May 26, 2011 | by Marnie Winston-Macauley

In honor of Facebook, an Israeli couple names their daughter “like”?!


Korean children learning Gemara? Reading Talmud in their homes “religiously?” You bet! In a country with close to 50 million Buddhists and Christians, studying Jewish Law is now compulsory in the South Korean school system.

"We tried to understand why the Jews are geniuses, and we came to the conclusion that it is because they study Talmud," says Israel's ambassador to South Korea, Young Sam Mah (“Rav Papa”), noting the remarkable intellectual achievements of the Jewish people, along with our family values, which parallel the feelings of South Koreans, who are deeply concerned with education, and family.

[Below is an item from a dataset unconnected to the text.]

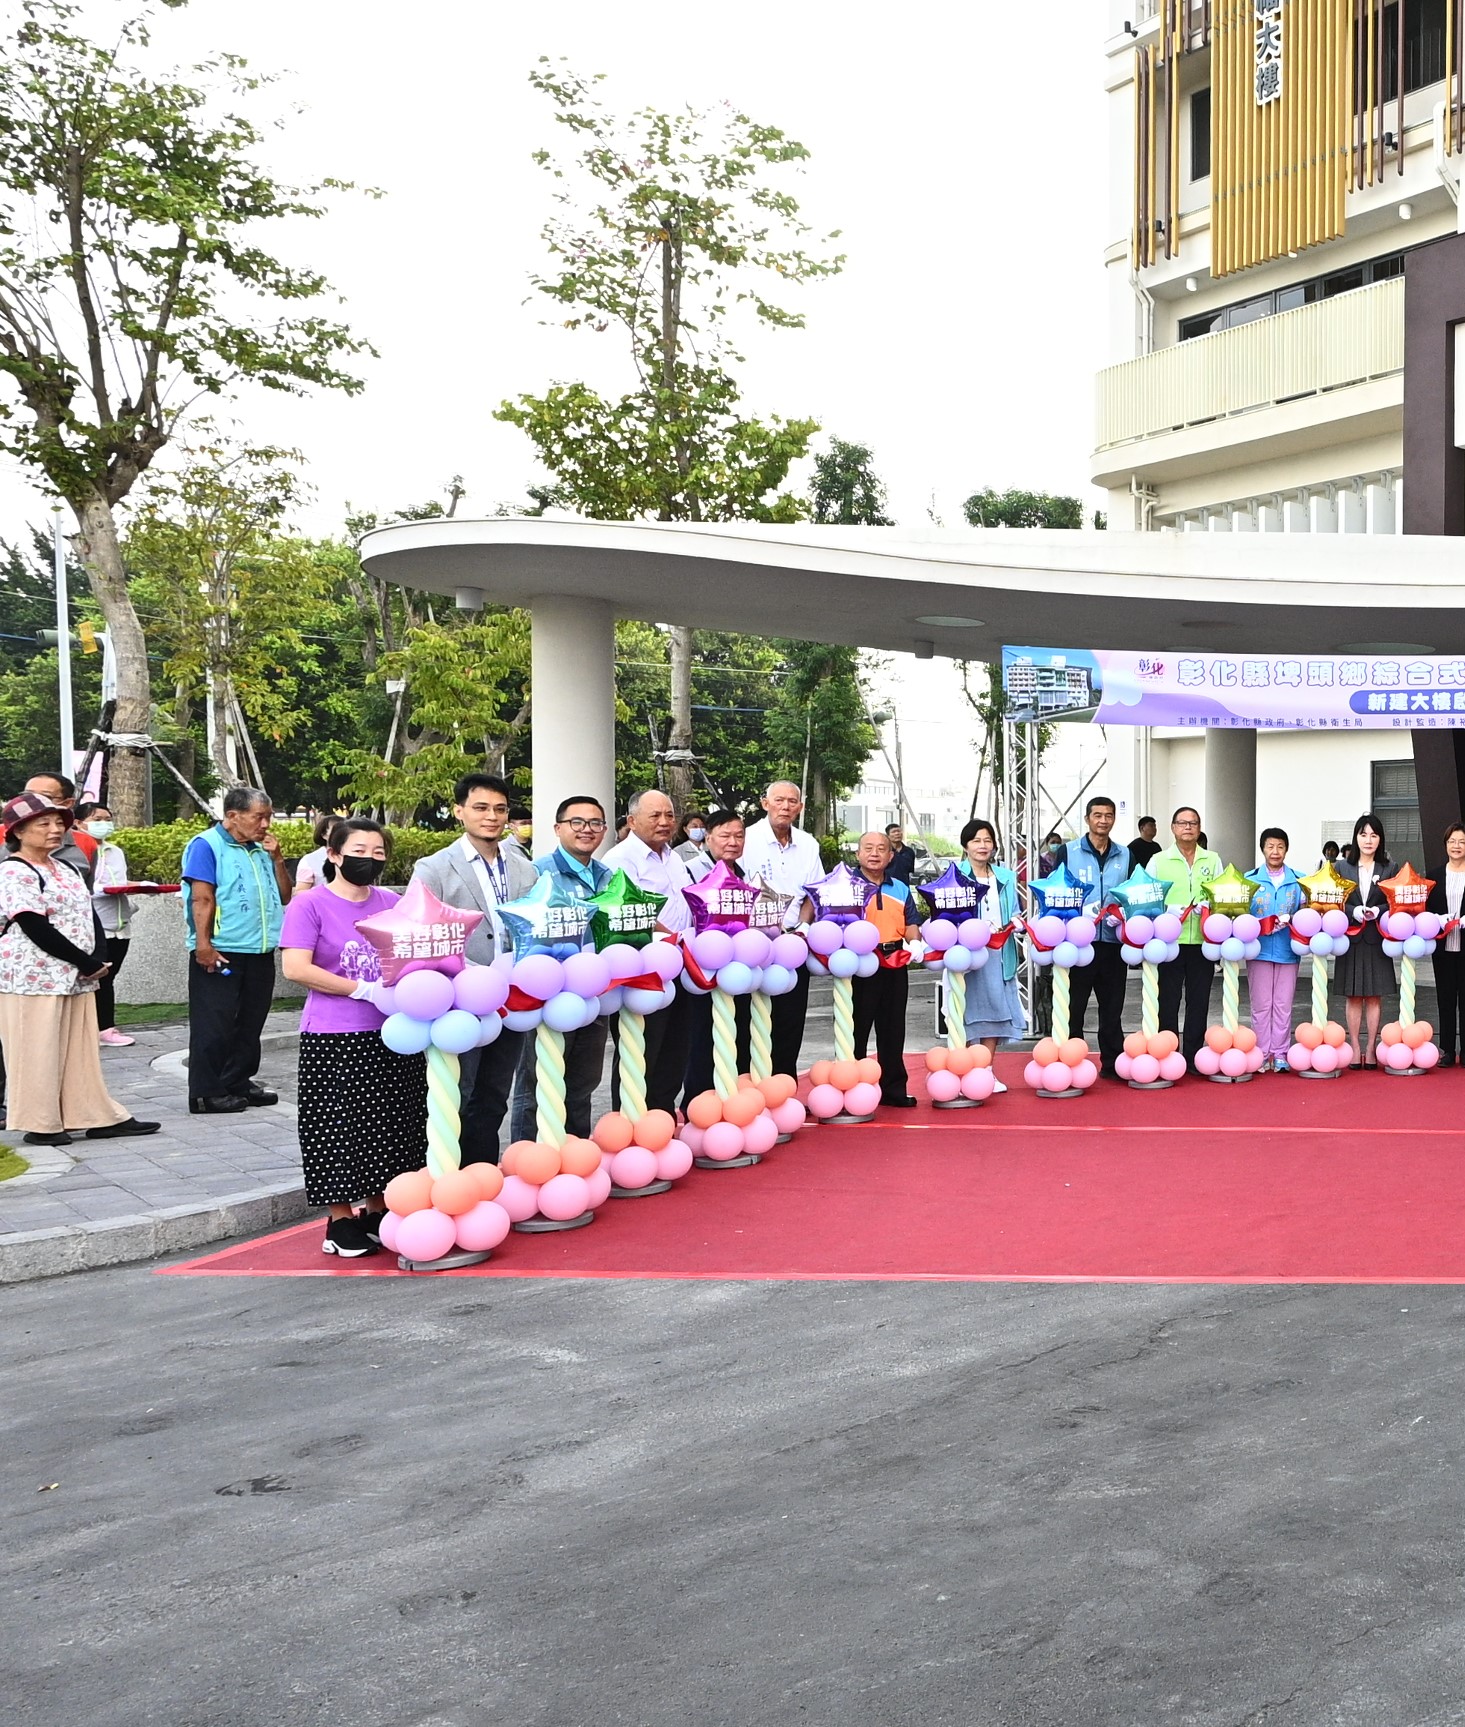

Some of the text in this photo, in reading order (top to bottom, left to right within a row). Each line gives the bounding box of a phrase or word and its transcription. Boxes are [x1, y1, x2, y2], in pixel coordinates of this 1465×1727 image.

[935, 898, 976, 908] 希望城市
[393, 940, 464, 959] 希望城市
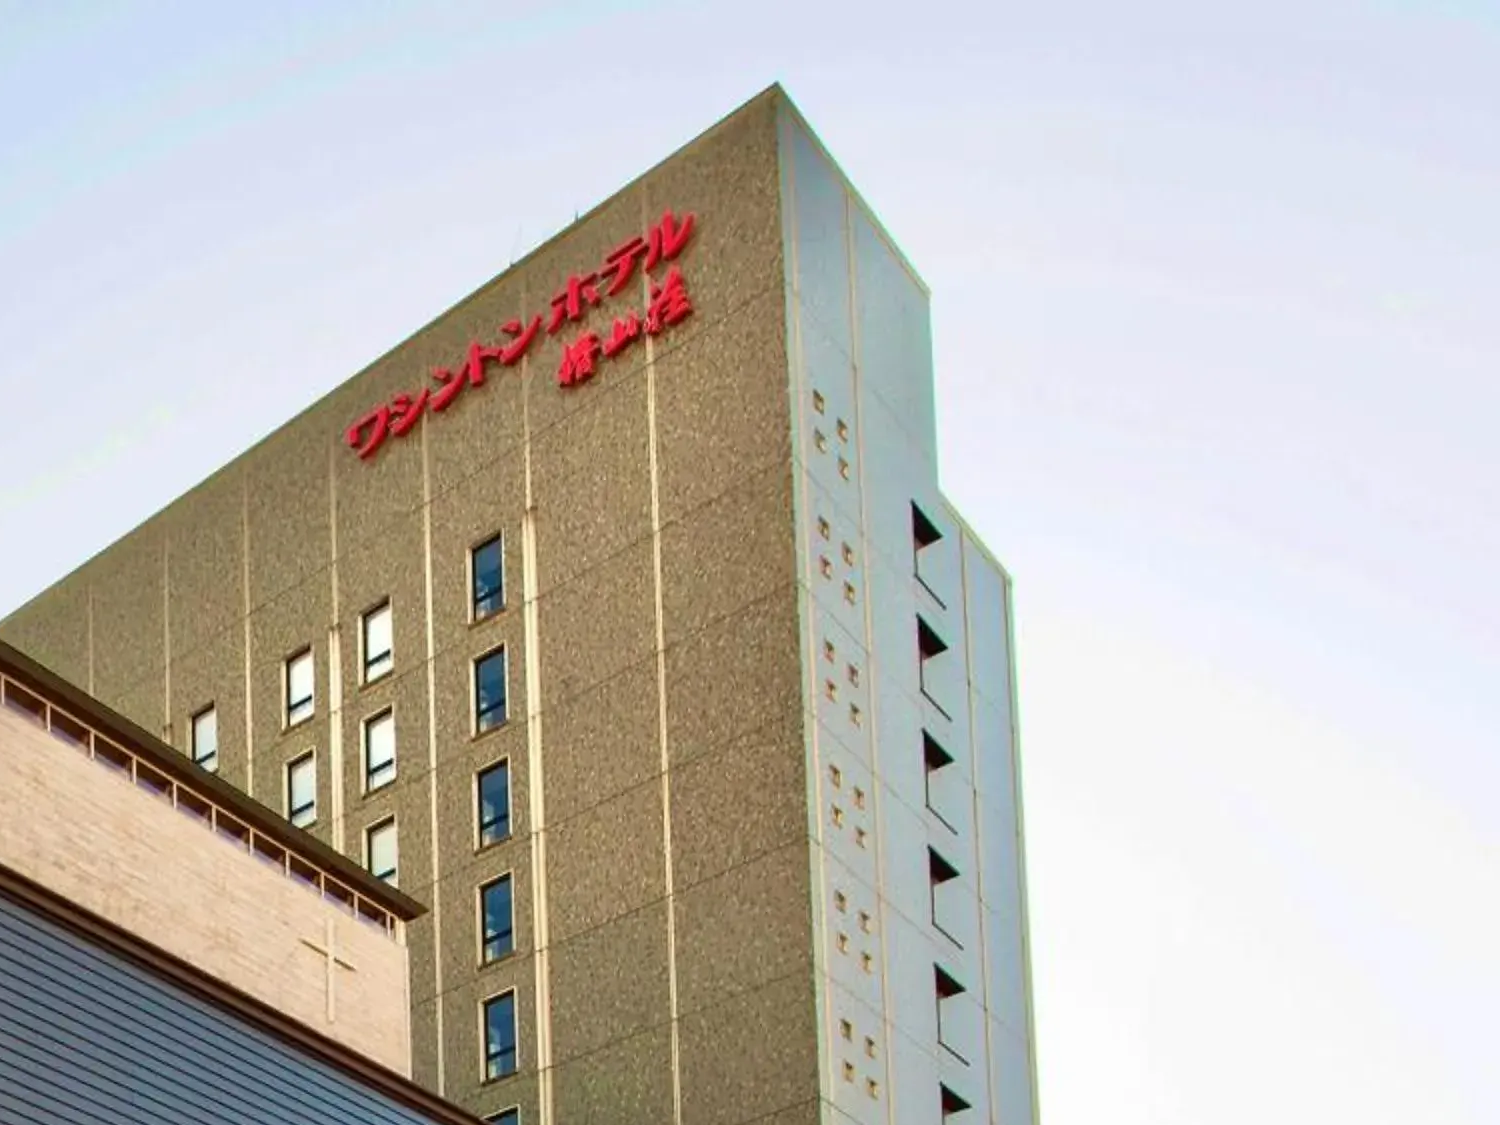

Studying Talmud is now compulsory in the South Korean school system!

And so, they’ve turned to us and our holy books for inspiration. In fact, virtually all homes in South Korea now contain a Korean-translated Talmud, and their mamas teach it to their children as well, so their progeny will, like ours, also become “geniuses!”

Ah, but we’ll really know the system is working when Korean Mamas start saying, “Oy, darling, did you make sure that kimbap (sushi-like rolls) is Kosher?! You’ll never be a Nobel Laureate if you eat chazzerai, mamala!”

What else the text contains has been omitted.